Where such structures and systems are absent, overexploitation follows. “In the carbon space, people have flown into areas, promised communities much, sold credits, and then disputes arise over benefit sharing. Without national policy frameworks or governance systems, projects operate in a vacuum, and that’s when things get messy.”

The work has started.

Tambara is energised by the momentum building on past efforts that laid valuable lessons for growing wildlife economies. “Across the continent, partnerships are coming together, governments, communities, and the private sector aligning to drive this agenda. New tools, innovative approaches, and communities of practice are emerging, signaling a strong foundation for scale.”

He says African institutions such as AWF are championing delivery at both national and landscape levels, while leading academic centres like the African Leadership University’s School of Wildlife Conservation and the African Wildlife Economy Institute are strengthening the evidence base through research and documentation. At the same time, multilateral agencies including the Global Environment Facility and the World Bank are taking notice, beginning to embed wildlife economies in their country programmes”.

South Africa leading

Some countries are further along, says Tambara. “South Africa has really seen the potential of the wildlife economy. They’ve established a national strategy, investment products, and even a biodiversity investment portal that shows real, on-the-ground opportunities. That’s something you don’t see elsewhere. In mining, you can quickly find a prospectus of resources. For biodiversity, that’s rare. South Africa is beginning to change that.”

“They’ve also developed investment products to help facilitate investment flows into the wildlife economy sector. And one of the admirable things they have done is create this biodiversity investment portal. A handicap in this space is that you might have the enabling policies and everything, but the question is: what is the pipeline of ready-to-invest opportunities around wildlife economies? That’s one of the major challenges. Whether investors or development partners want to support work in this area, they often struggle because in most countries there is no place where you can actually find a prospectus or investment blueprint that outlines, when looking at the biodiversity economy sector, what the opportunities are.

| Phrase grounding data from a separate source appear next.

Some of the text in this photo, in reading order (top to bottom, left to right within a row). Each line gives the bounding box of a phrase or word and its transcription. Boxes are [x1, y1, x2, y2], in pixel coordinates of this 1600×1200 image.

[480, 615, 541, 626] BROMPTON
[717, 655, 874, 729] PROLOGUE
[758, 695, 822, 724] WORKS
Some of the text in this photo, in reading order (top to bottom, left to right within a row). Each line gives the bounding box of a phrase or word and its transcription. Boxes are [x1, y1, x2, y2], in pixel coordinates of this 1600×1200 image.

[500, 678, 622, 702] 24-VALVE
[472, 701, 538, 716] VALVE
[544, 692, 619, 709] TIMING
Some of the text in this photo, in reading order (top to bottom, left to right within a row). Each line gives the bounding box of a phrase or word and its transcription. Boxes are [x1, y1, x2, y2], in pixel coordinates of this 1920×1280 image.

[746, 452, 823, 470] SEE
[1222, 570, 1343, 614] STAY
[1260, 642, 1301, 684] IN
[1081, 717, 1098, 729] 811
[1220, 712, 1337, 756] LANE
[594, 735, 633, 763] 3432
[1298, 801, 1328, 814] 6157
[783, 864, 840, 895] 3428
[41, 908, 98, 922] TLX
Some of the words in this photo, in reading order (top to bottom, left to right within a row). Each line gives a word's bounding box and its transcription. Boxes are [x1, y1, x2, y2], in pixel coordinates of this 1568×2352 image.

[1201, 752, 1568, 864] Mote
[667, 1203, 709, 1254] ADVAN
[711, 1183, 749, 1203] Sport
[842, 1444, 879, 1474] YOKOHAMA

Tambara believes wildlife economies must be treated like other economic sector such as agriculture or mining, with bespoke strategies, policies, and investment blueprints. “When you tease out the details, the figures are staggering. You become surprised why we are not treating this as a serious economic sector that Africa can build on.”

A pillar of the future

The way forward, he says, is evidence and an enabling policy and business environment for investment and scale. “It’s going to take data that is well analysed and readily accessible to drive policy decisions. It’s going to take investment blueprints to channel capital into value chains and real opportunities. And at the landscape level, we have to ensure stakeholders are ready with a pipeline of ready to invest opportunities that promote sustainability. Otherwise, wildlife economies could degrade the very resources they depend on.”

The opportunity is immense, Tambara insists, for biodiversity economies to diversify African economies and provide long-term security. “We have to act on the appetite that exists. We have to build the evidence base. And we have to support countries in developing wildlife economies that are holistic, sustainable, and recognised for what they are: a pillar of Africa’s future.”

If Africa can mine gold and drill oil with billion-dollar strategies, why not do the same for its greatest resource: nature? Our biodiversity is an asset that can be grown, if we wisely conserve and sustainably utilise. Wildlife economies aren’t a side hustle to tourism. The question isn’t whether the value is there, says Tambara. It’s whether governments and investors are ready to see the wild as wealth, and act on it.

Yves Vanderhaeghen writes for Jive Media Africa, science communication partner of Oppenheimer Generations Research and Conservation.